(Items from a dataset)
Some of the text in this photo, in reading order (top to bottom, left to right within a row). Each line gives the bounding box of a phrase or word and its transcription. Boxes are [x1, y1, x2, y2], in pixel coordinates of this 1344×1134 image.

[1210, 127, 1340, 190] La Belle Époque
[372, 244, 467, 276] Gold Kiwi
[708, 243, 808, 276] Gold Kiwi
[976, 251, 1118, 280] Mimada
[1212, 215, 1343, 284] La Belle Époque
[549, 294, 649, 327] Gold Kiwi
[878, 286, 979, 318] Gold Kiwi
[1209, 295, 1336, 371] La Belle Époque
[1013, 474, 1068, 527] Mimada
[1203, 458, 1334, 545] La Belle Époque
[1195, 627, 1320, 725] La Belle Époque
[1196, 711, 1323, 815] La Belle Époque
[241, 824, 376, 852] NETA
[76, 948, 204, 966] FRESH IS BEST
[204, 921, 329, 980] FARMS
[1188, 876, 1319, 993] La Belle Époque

= Task to carry out =
Each entry needs to be transcribed exactly.

= Exercise answer =
Some of the text in this photo, in reading order (top to bottom, left to right within a row). Each line gives the bounding box of a phrase or word and its transcription. Boxes are [x1, y1, x2, y2], in pixel coordinates of this 1344×1134 image.

[1210, 127, 1340, 190] La Belle Époque
[372, 244, 467, 276] Gold Kiwi
[708, 243, 808, 276] Gold Kiwi
[976, 251, 1118, 280] Mimada
[1212, 215, 1343, 284] La Belle Époque
[549, 294, 649, 327] Gold Kiwi
[878, 286, 979, 318] Gold Kiwi
[1209, 295, 1336, 371] La Belle Époque
[1013, 474, 1068, 527] Mimada
[1203, 458, 1334, 545] La Belle Époque
[1195, 627, 1320, 725] La Belle Époque
[1196, 711, 1323, 815] La Belle Époque
[241, 824, 376, 852] NETA
[76, 948, 204, 966] FRESH IS BEST
[204, 921, 329, 980] FARMS
[1188, 876, 1319, 993] La Belle Époque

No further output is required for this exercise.